[squid-users] Subject: Re: authentication of every GET request from part of URL?

Sreenath BH bhsreenath at gmail.com
Mon Nov 9 17:12:08 UTC 2015

Hi Alex,

thanks for your detailed asnwers.

Here are more details.
1. If the URL does not have any token, we would like to send an error
message back to the browser/client, without doing a cache lookup, or
going to backend apache server.

2. If the token is invalid (that is we can't find it in a database),
that means we can not serve
data. In this case we would like to send back a HTTP error (something
like a  401 or 404, along with a more descriptive message)

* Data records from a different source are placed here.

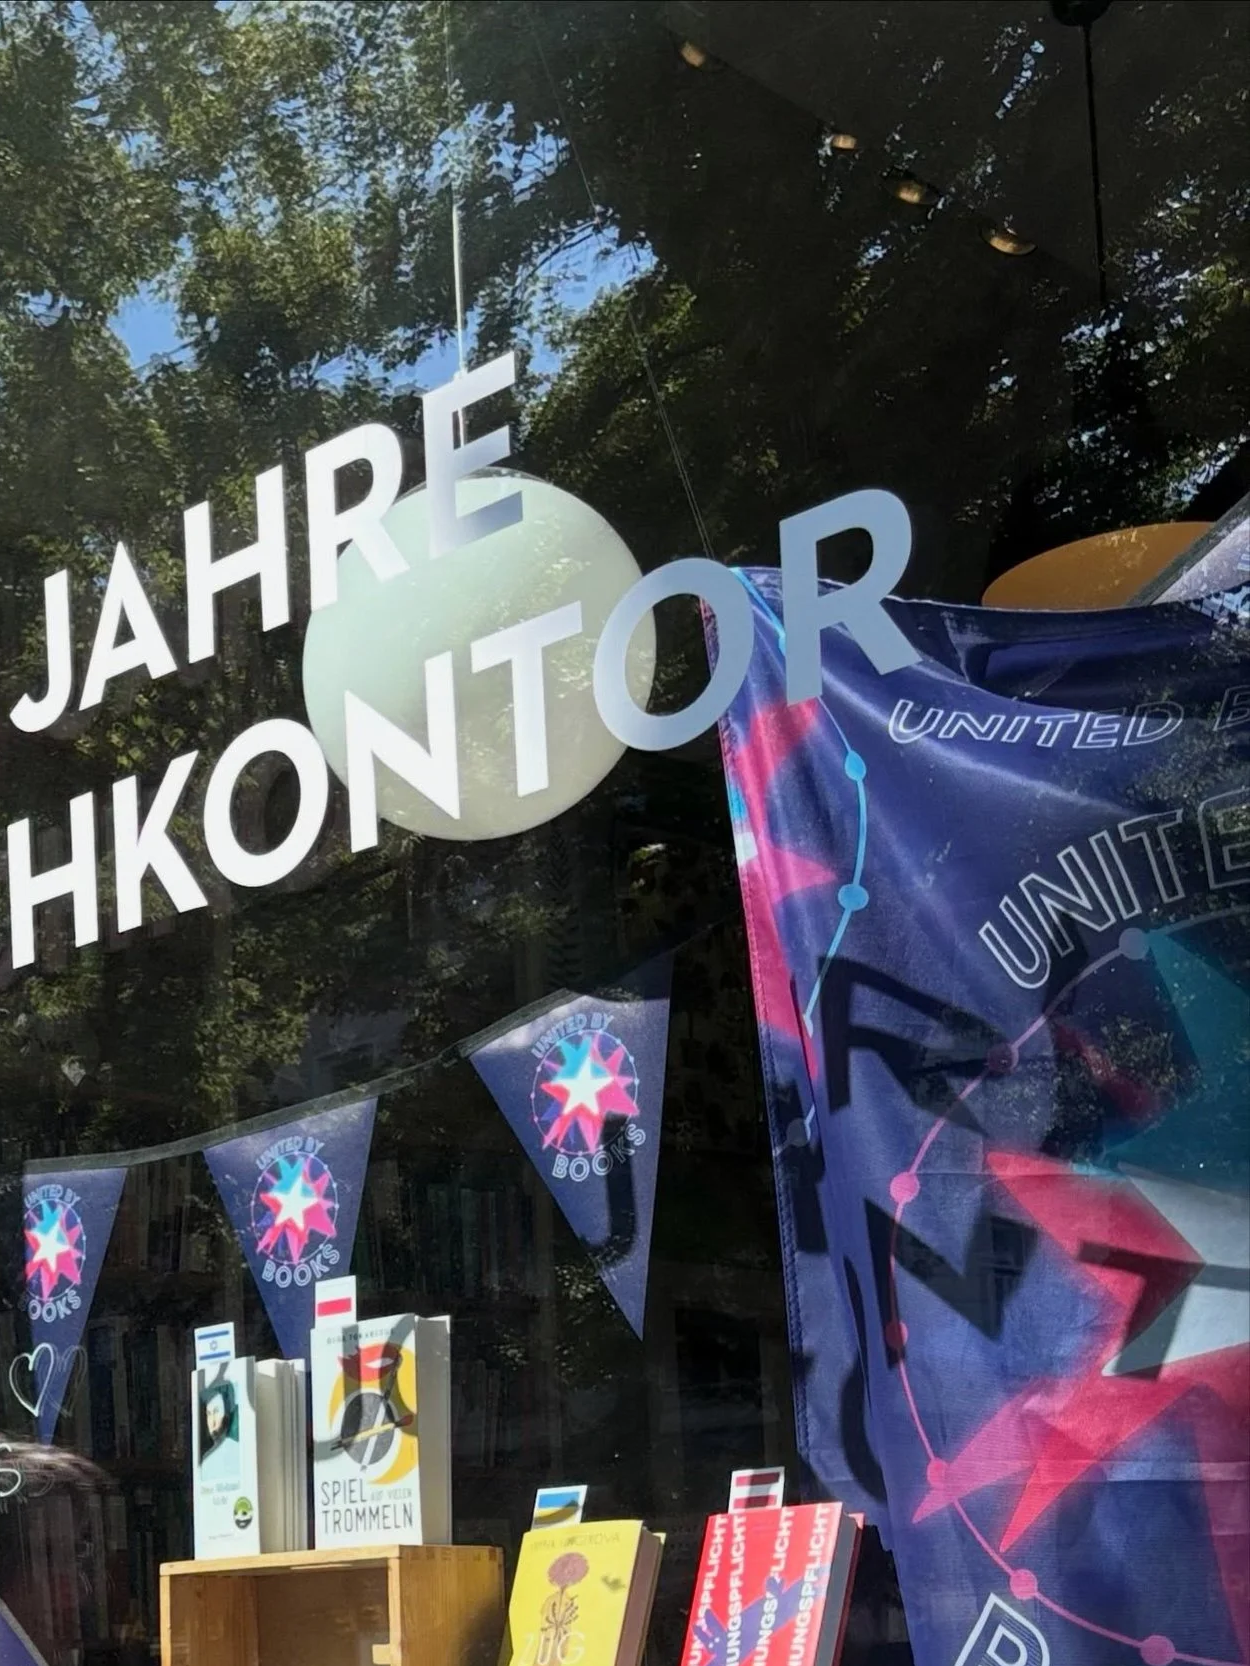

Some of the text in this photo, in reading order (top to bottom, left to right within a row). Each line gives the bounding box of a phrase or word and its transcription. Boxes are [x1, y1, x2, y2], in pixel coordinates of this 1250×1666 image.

[8, 351, 524, 734] JAHRE
[888, 698, 1184, 750] UNITED
[551, 1123, 647, 1182] BOOKS
[261, 1243, 341, 1289] BOOKS
[24, 1289, 82, 1323] OOKS
[320, 1478, 368, 1506] SPIEL
[322, 1502, 414, 1534] TROMMELN

3. If the token is valid(found), remove the token from the URL, and
use remaining part of URL as the key to look in Squid cache.

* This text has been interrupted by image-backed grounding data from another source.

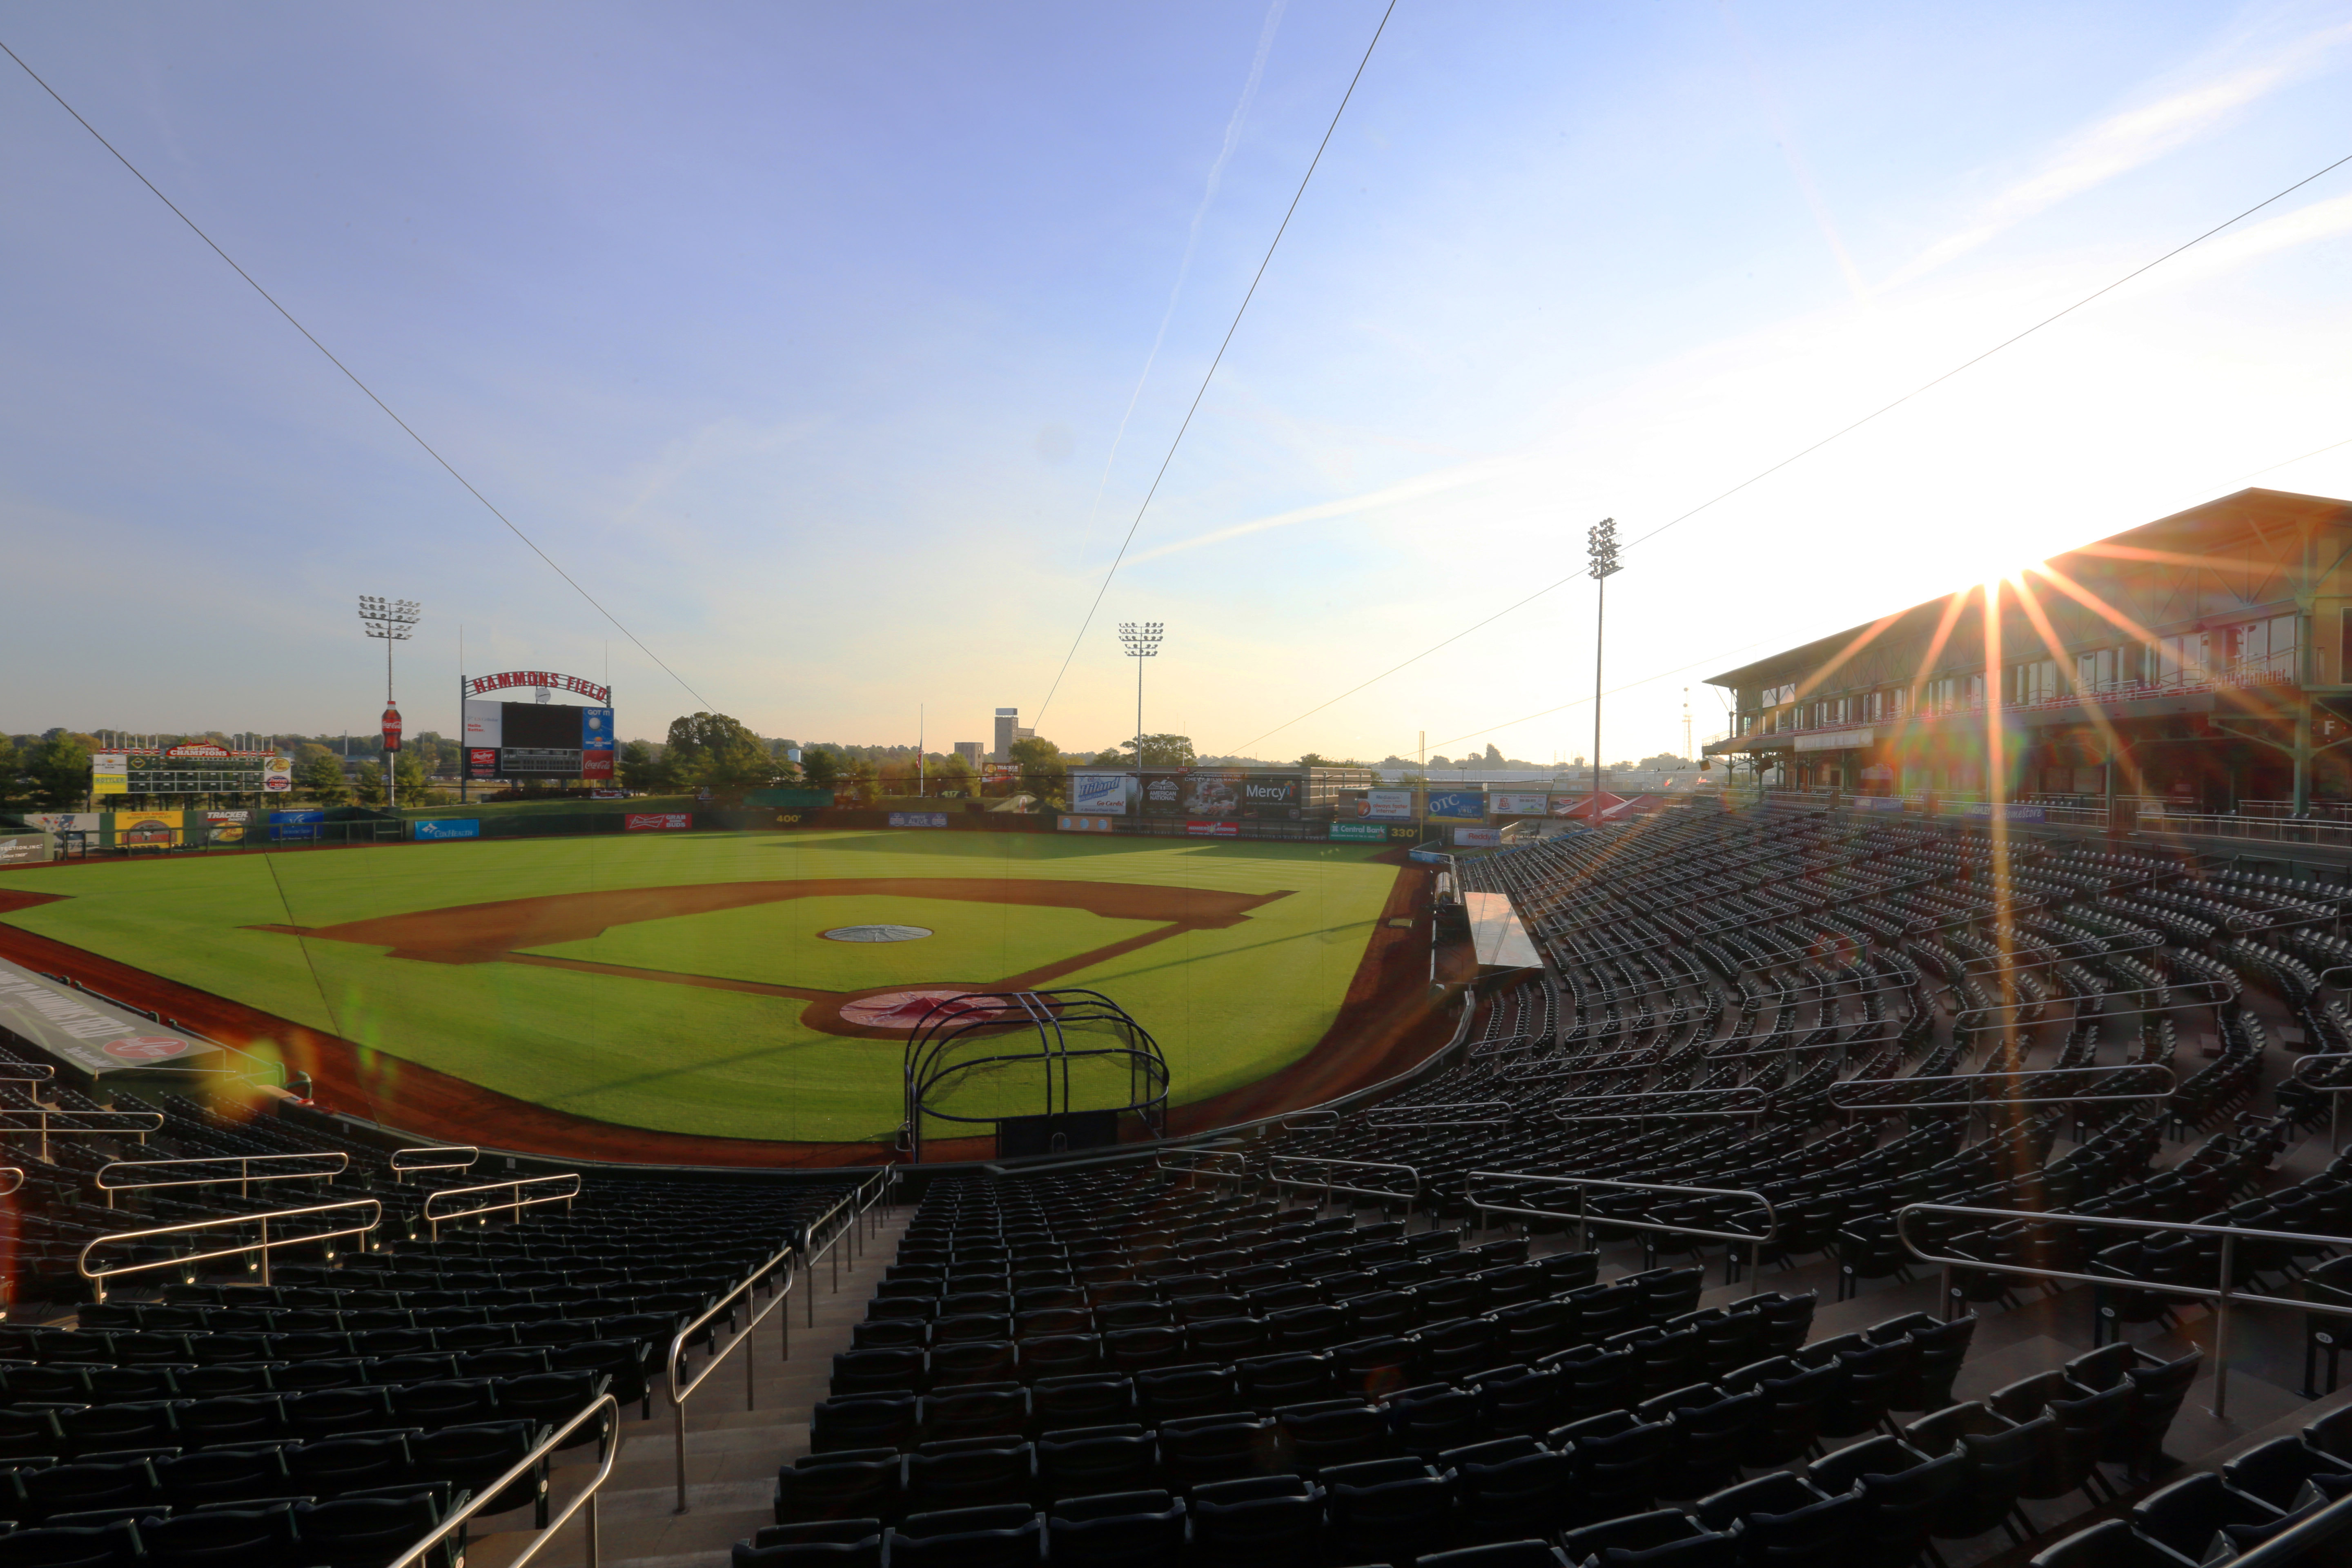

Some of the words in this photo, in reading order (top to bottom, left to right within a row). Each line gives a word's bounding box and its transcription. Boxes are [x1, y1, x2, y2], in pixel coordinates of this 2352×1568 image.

[473, 672, 559, 693] HAMMONS
[567, 676, 607, 701] FIELD
[2325, 721, 2335, 735] F
[585, 760, 610, 769] Coca-Cola
[1080, 776, 1120, 796] Hiland
[1247, 785, 1286, 800] Mercy
[1429, 794, 1459, 812] OTC
[1971, 806, 1991, 815] ASHLEY
[2002, 807, 2042, 819] HomeStore
[1391, 828, 1418, 837] 330'
[15, 989, 100, 1020] HAMMONS
[56, 1016, 136, 1039] FIELD
[116, 1041, 179, 1056] Cutter

4. If found return that data, along with proper HTTP status code.
5. If cache lookup fails(not cached), send HTTP request to back-end
apache server (removing the token), get returned result, store in
cache, and return to client/browser.

I read about ACL helper programs, and it appears I can do arbitrary
validations in it, so should work.
Is it correct to assume that the external ACL code runs before url rewriting?,

Does the URL rewriter run before a cache lookup?

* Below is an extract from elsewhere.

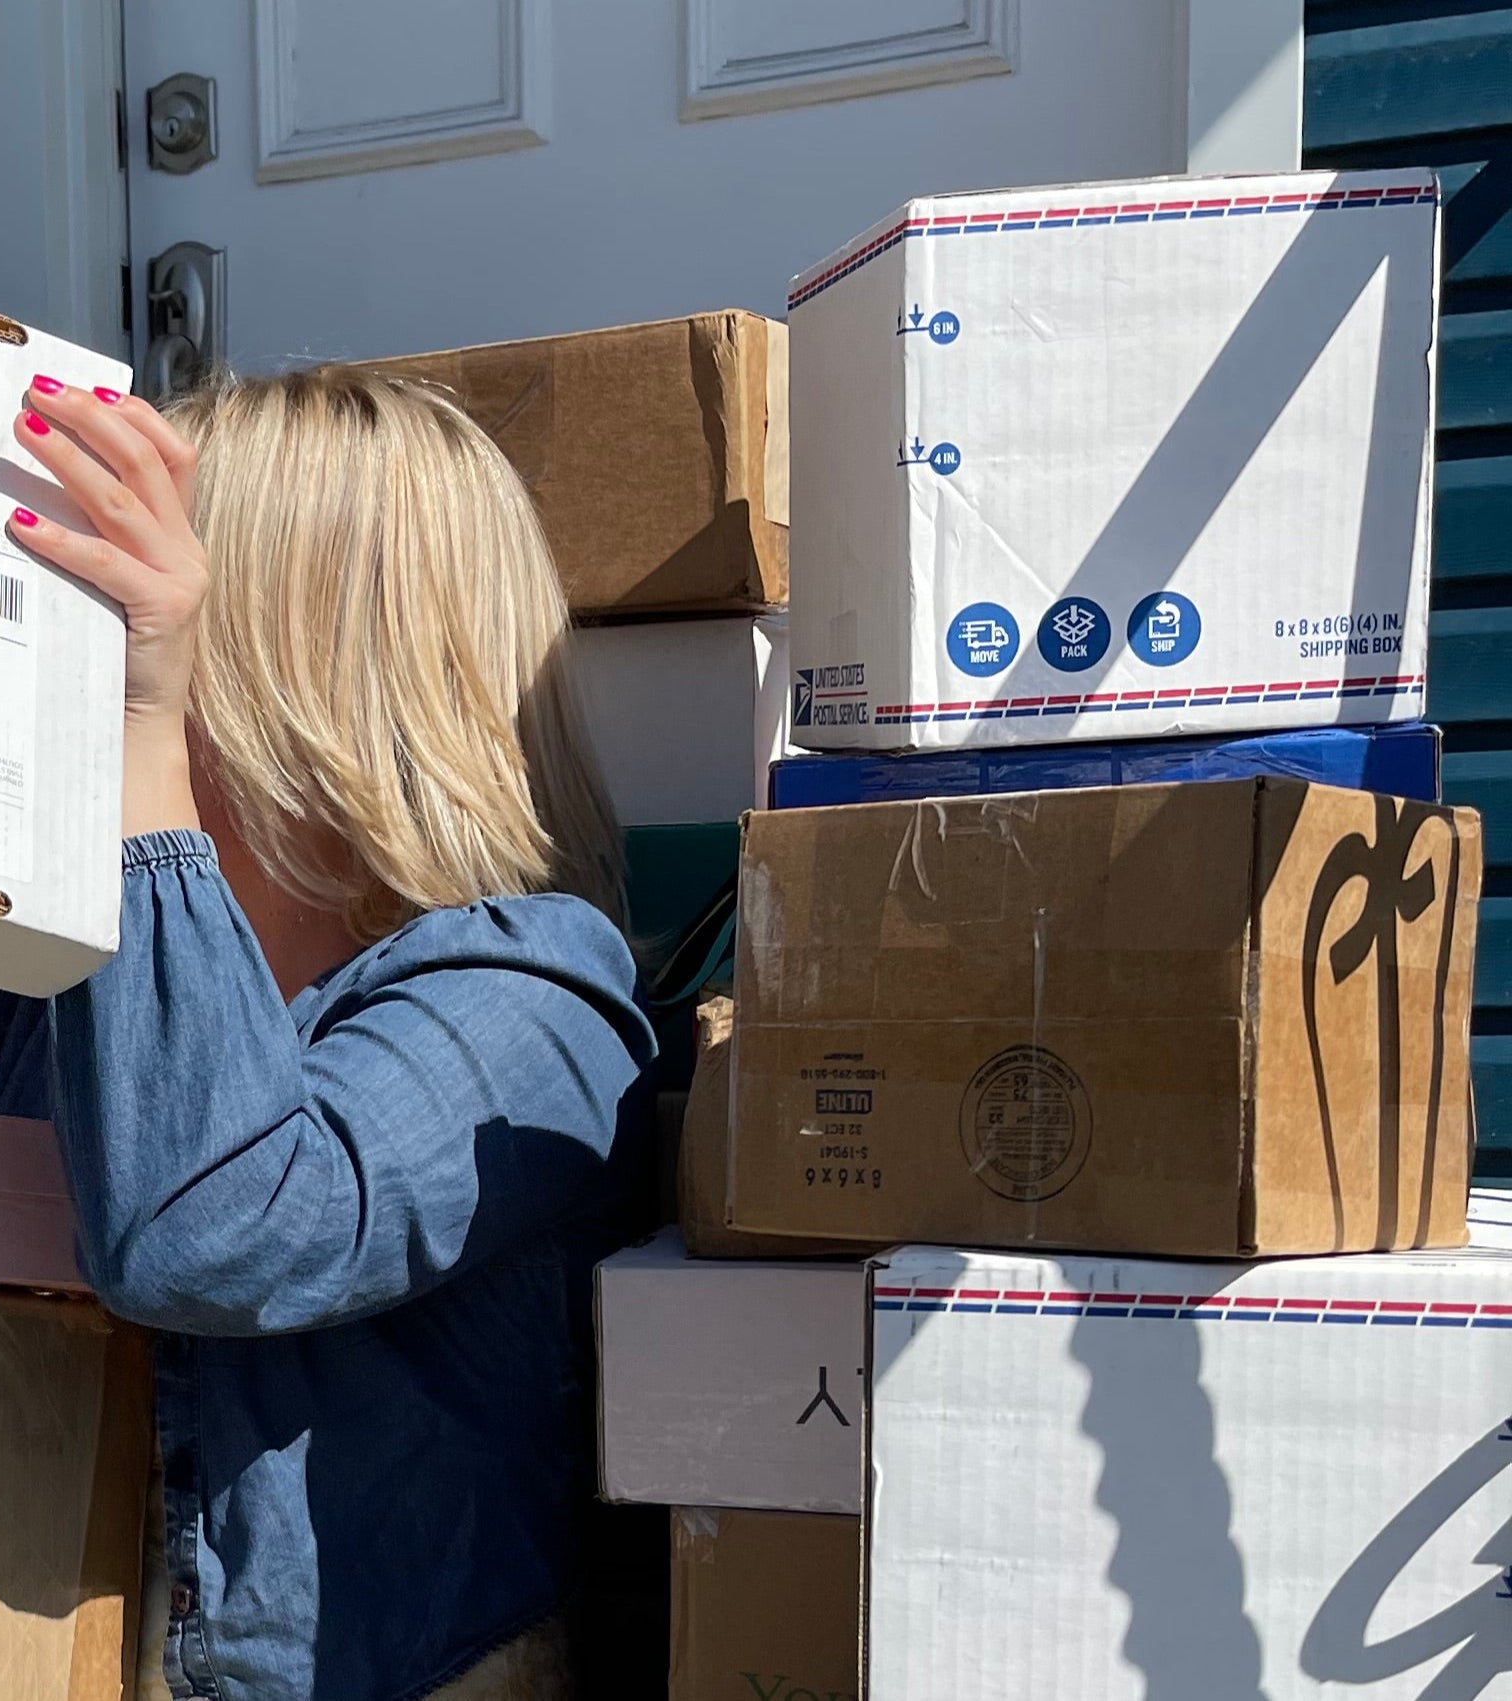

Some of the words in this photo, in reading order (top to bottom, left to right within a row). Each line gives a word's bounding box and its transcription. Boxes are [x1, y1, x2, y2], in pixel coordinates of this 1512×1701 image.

On 11/8/15, Alex Rousskov <rousskov at measurement-factory.com> wrote:
> On 11/08/2015 06:34 AM, Sreenath BH wrote:
>> Is there a way for me to invoke some custom code for every request
>> that Squid receives?
> Yes, there are several interfaces, including a built-in ACL, an external
> ACL helper, a URL rewriter, an eCAP/ICAP service. Roughly speaking, the
> former ones are easier to use and the latter ones are more powerful.
>> That script would do the following:
>> 1. Extract part of the URL(the token) and look up in a database to see
>> if it is valid.
>>     If valid, proceed to lookup cached object, other wise go to
>> back-end fetch, etc.
>> 2. If the token is not found in database, return with an error, so
>> that Squid can send back a not found type (some HTTP error) of
>> response.
> If the above are your requirements, avoid the word "authentication"
> might help. It confuses people into thinking you want something far more
> complex.
> The validation in step #1 can be done by an external ACL. However, you
> probably forgot to mention that the found token should be removed from
> the URL. To edit the URL, you need to use a URL rewriter or an eCAP/ICAP
> service.
> Everything else can be done by built-in ACLs unless you need to serve
> very custom error messages. In the latter case, you will need an eCAP or
> ICAP service.
> However, if "go to back-end fetch" means loading response from some
> storage external to Squid without using HTTP, then you need an eCAP or
> ICAP service to do that fetching.
> I recommend that you clarify these parts of your specs:
> What do you want to do when the token is not found in the URL?
> What do you want to do when an invalid token is found in the URL?
> Will sending a response using a simple template filled with some basic
> request details suffice when a valid token is not found in the database?
> HTH,
> Alex.
>> On 7/11/2015 1:33 a.m., Sreenath BH wrote:
>>> Hi
>>> I am very new to Squid, and think have a strange requirement.
>>> We want to serve cached content only if the client has been
>>> authenticated before.
>>> Since we don't expect the client software to send any information in
>>> headers, we embed a token in the URL that we present to the user.
>> Um, you know how sending username and password in plain-text Basic auth
>> headers is supposed to be the worst form of security around?
>> It's not quite. Sending credentials in the URL is worse. Even if its
>> just an encoded token.
>> Why are you avoiding actual HTTP authentication?
>> Why be so actively hostile to every other cache in existence?
>>> So when the client s/w uses this URL, we want to extract the token
>>> from URL and do a small database query to ensure that the token is
>>> valid.
>>> This is in accelerator mode.
>>> Is it possible to use something similar to basic_fake_auth and put my
>>> code there that does some database query?
>> The "basic_..._auth" parts of that helpers name mean that it performs
>> HTTP Basic authentication.
>> The "fake" part means that it does not perform any kind of validation.
>> All of the text above has been describing how you want to perform
>> actions which are the direct opposite of everything basic_fake_auth does.
>>> If the query fails, we don't return the cached content?
>> What do you want to be delivered instead?